Metallic and Pearl Finishes

If your repair color is a metallic or pearl finish, lean toward the finer pads (gray rather than maroon) when scuffing. Metallic and pearl colors use translucent pigments, and a coarser scuff underneath can show through the finish in a way it wouldn't on a solid color. Going gentler with a finer pad — or with finer sandpaper — gives the translucent top coats a cleaner surface to sit on. Professional shops make the same adjustment, moving to finer abrasives around metallic and pearl work.

FAQ

Which Scotch-Brite color do I need for my repair

It depends on the step. First find the grit your repair step calls for in What Sandpaper Grit Should I Use for Car Paint Repair?, then match that grit to a pad color using the table above. Most touch-up prep lands on maroon (general scuffing) or gray (fine scuffing and blending).

Can I use a Scotch-Brite pad wet?

Not on ScratchesHappen paint. The paint is waterborne, so water removes it — using a wet pad on the paint causes the same problem as wet sanding. Keep the pad dry when you're working on the paint itself.

Is a Scotch-Brite pad as good as sandpaper?

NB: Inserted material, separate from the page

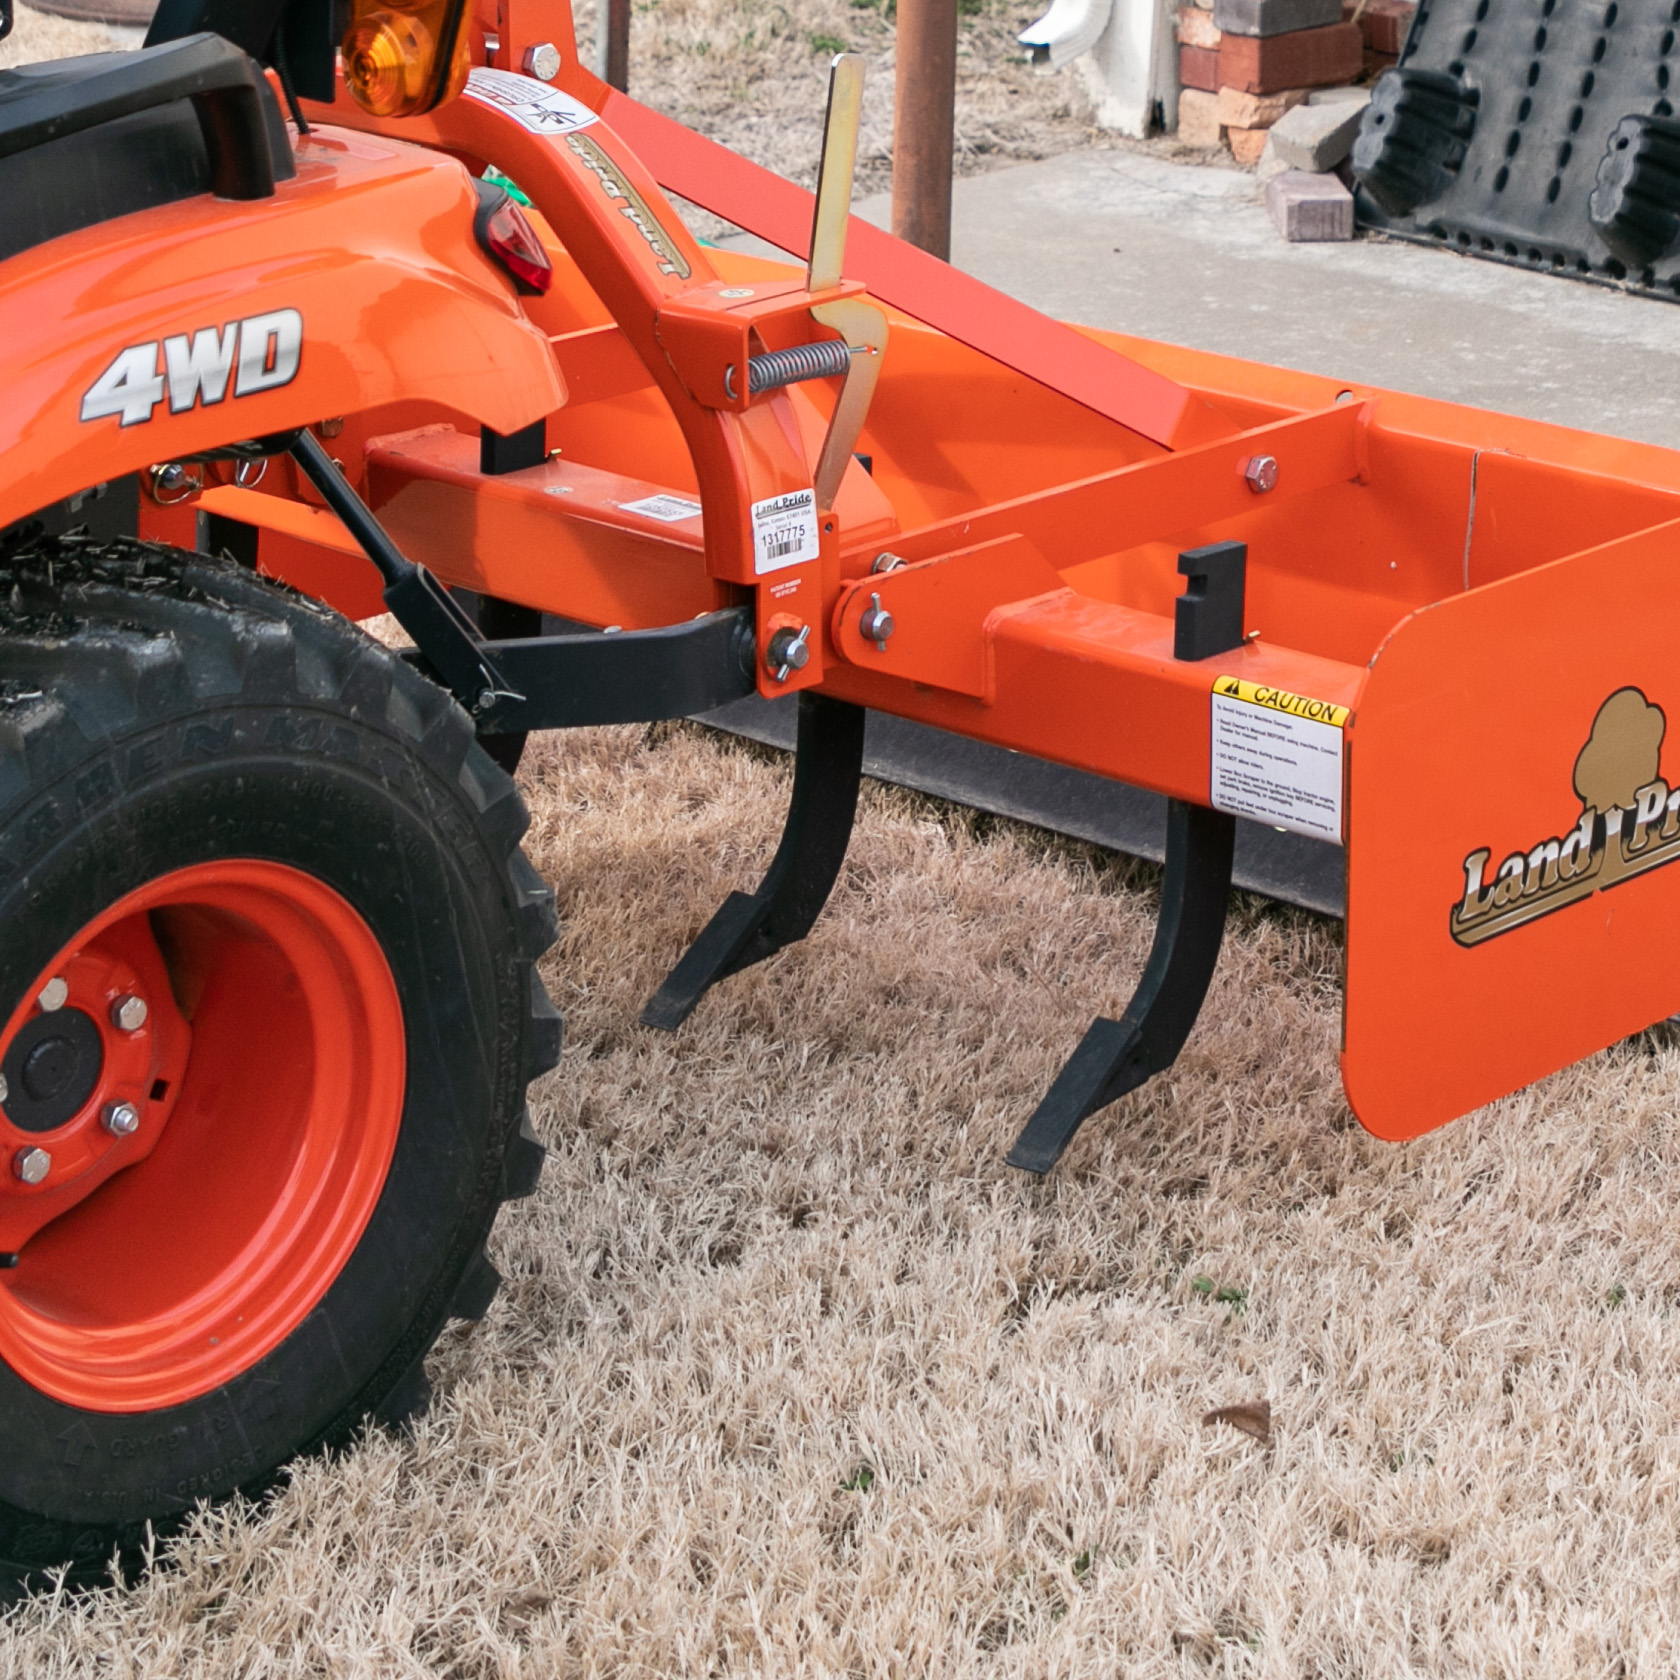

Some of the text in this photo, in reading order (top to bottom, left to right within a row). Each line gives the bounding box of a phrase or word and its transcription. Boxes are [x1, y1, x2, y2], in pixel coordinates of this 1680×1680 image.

It's a different tool, not a better or worse one. Pads conform to curves and contours that flat sandpaper can't reach evenly, which makes them handy for scuffing shaped surfaces. Sandpaper produces a more uniform, predictable scratch, which matters more for leveling a surface or for heavier material removal. Use whichever fits the step.

What about removing rust?

For heavy rust removal, sandpaper at the grit specified in the sandpaper grit article is the better choice. The aggressive Scotch-Brite colors exist, but rust cleanup is exactly the kind of even, heavier material removal where sandpaper is more reliable than a conforming pad.

My repair is a metallic or pearl color — does that change which pad I use?

Yes — go finer. Use a gray pad rather than maroon when scuffing for a metallic or pearl repair. Those finishes use translucent pigments, and a coarser scuff underneath can telegraph through the paint.